In a series of now-deleted posts on Instagram and Twitter, David Bowie’s estate announced the September 13 launch of an NFT collection celebrating the rock icon’s legendary career that famously explored gender and performativity.The NFT collection, entitled “Bowie On The Blockchain,” will feature the works of nine NFT artists whose works will reflect some of Bowie’s masterful life work.Headlining the collection are crypto artists FEWOCiOUS and Pussy Riot Co-Founder Nadya Tolokonnikova, among others. Proceeds of the sale will go toward the nonprofit organization CARE.
Why it matters:
Unfortunately, as with prior projects bearing the names of late pop culture icons, the buzz surrounding this upcoming NFT project has been largely negative amongst Bowie’s core fandom members. A particularly biting piece of criticism levied towards the project is how it supposedly betrays a core piece of Bowie’s legacy — namely, his futurist tendencies.
Notably, among disappointed members of Bowie’s fanbase is a self-proclaimed “web3/nft aficionado” — if even Web3 optimists aren’t too thrilled with this announcement, then who would be happy to hear this? Perhaps it would be worth looking through the socials of the artists slated for inclusion in this project.
Amidst the negative Twitter commentary directed towards the Bowie account are congratulatory messages for the artists involved, who are understandably excited about honoring the late rock legend’s life and career through their work. Adding to the prestige of this commission is how Bowie’s estate granted artists permission to use items from Bowie’s personal archive in their work. For instance, FEWOCiOUS prepared a sculpture for the collection that’s set to wear one of Bowie’s “original outfits.”
Regardless of this upcoming project’s reception, one thing’s for certain: Should it succeed, it would further demonstrate the power of NFTs in fundraising efforts. As it stands, proceeds from the upcoming sale of these NFTs will benefit CARE — an anti-poverty nonprofit organization that features Bowie’s widow Iman as its first-ever global advocate.

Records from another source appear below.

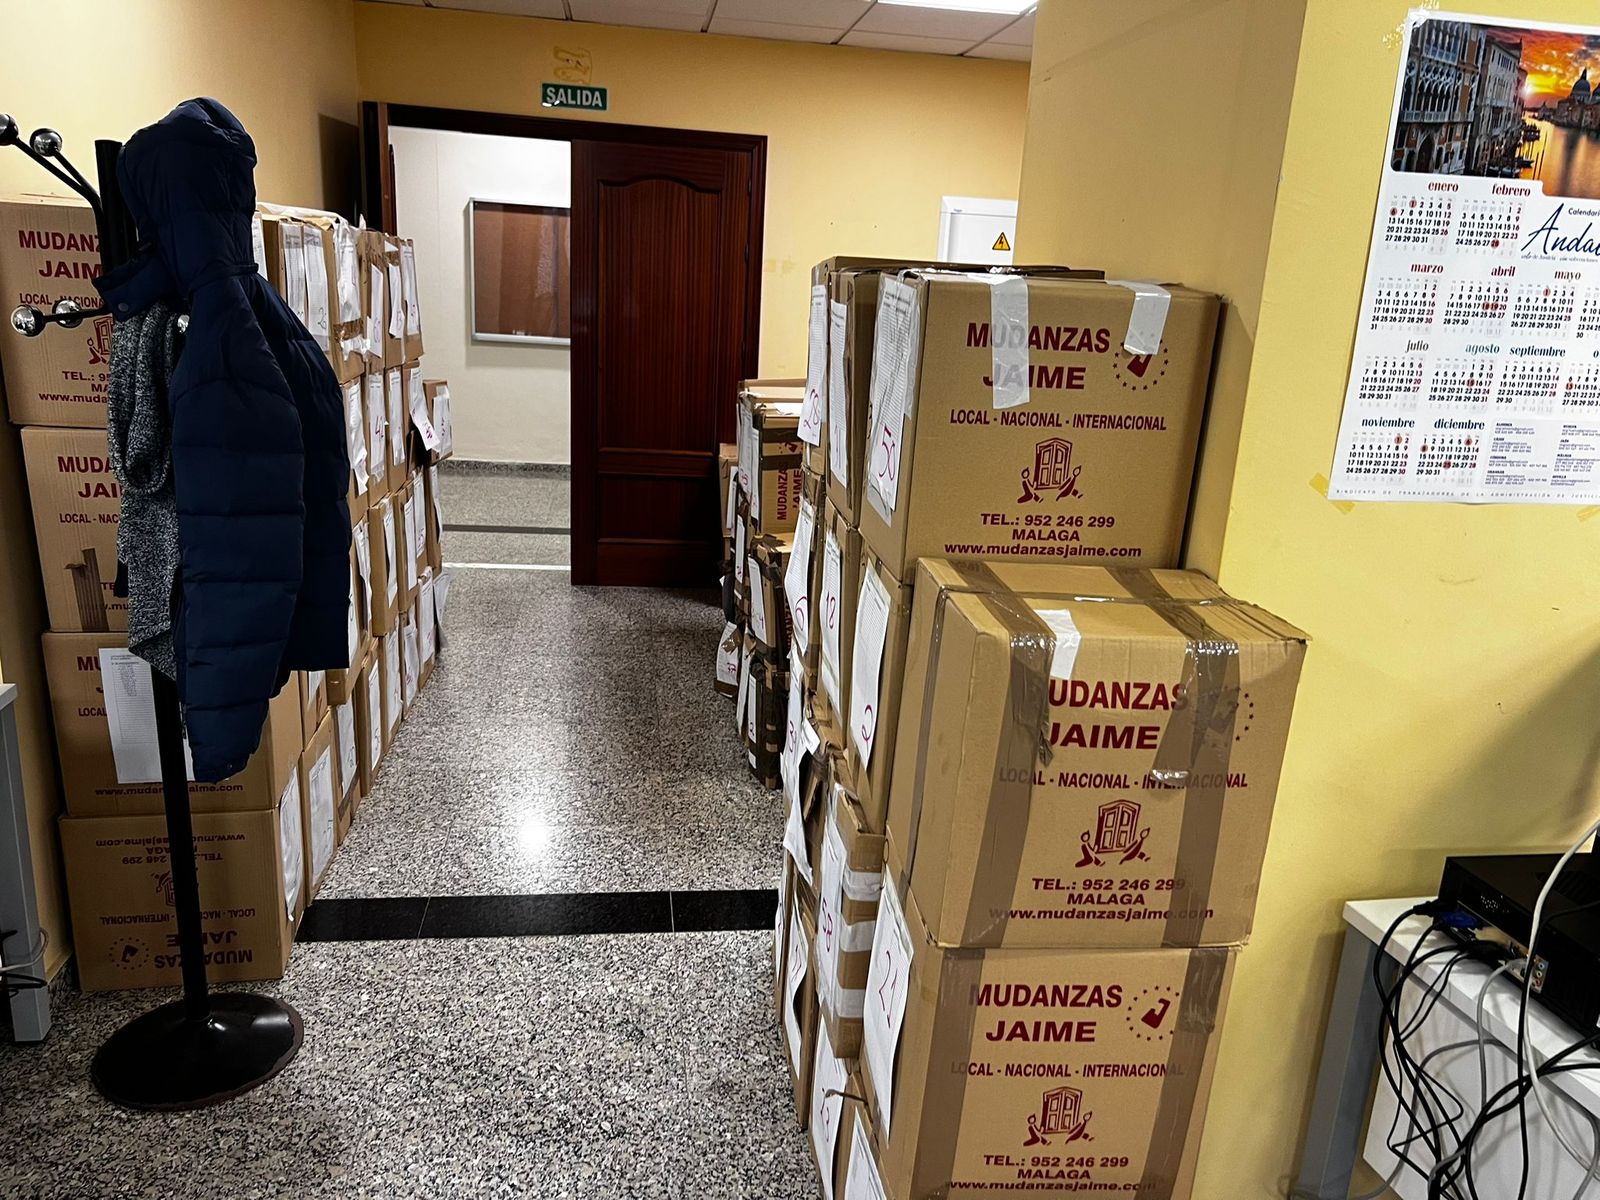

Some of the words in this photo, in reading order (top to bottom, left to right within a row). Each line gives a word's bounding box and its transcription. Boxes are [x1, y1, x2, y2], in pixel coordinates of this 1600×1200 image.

[546, 87, 603, 107] SALIDA
[1428, 182, 1459, 192] enero
[1492, 184, 1531, 197] febrero
[1410, 264, 1444, 274] marzo
[1491, 266, 1516, 277] abril
[1554, 271, 1582, 283] mayo
[20, 293, 52, 306] LOCAL
[966, 322, 1110, 353] MUDANZAS
[1405, 340, 1429, 353] julio
[1464, 342, 1500, 354] agosto
[1510, 345, 1566, 358] septiembre
[62, 370, 95, 381] TEL.:
[983, 364, 1086, 390] JAIME
[950, 410, 990, 425] LOCAL
[1000, 412, 1062, 428] NACIONAL
[1072, 414, 1167, 430] INTERNACIONAL
[1362, 416, 1416, 428] noviembre
[1434, 418, 1485, 430] diciembre
[78, 482, 123, 498] JAI
[60, 513, 92, 524] LOCAL
[980, 514, 1020, 527] TEL.:
[1024, 514, 1051, 527] 952
[1055, 514, 1083, 528] 246
[1088, 516, 1116, 528] 299
[1012, 529, 1080, 542] MALAGA
[944, 542, 1142, 558] www.mudanzasjaime.com
[1048, 678, 1189, 711] UDANZAS
[1050, 722, 1160, 750] JAIME
[1058, 772, 1130, 790] NACIONAL
[122, 856, 142, 864] 299
[1032, 878, 1076, 890] TEL.:
[1082, 878, 1114, 891] 952
[1118, 878, 1150, 891] 246
[1154, 879, 1186, 891] 299
[1066, 893, 1146, 906] MALAGA
[100, 913, 170, 925] INTERNACIONAL
[229, 908, 256, 918] LOCAL
[970, 984, 1122, 1008] MUDANZAS
[986, 1020, 1097, 1042] JAIME
[951, 1060, 994, 1076] LOCAL
[1004, 1063, 1072, 1078] NACIONAL
[1082, 1063, 1184, 1078] INTERNACIONAL
[984, 1154, 1026, 1167] TEL.:
[1030, 1156, 1060, 1168] 952
[1065, 1156, 1095, 1168] 246
[1100, 1157, 1130, 1168] 299
[1017, 1168, 1091, 1180] MALAGA

Would Bowie himself have approved of this collection? Or even Web3 as a whole? Some of Bowie’s closest associates believe so. In an interview with Billboard, Bowie’s business manager Bill Zysblat stated that “anyone who knew him knows he would have been one of the first adopters of [Web3].” Given Bowie’s status as one of the internet’s earliest advocates, that might not be too unreasonable of an assessment. Let’s hope more of his followers open their minds in a similar fashion.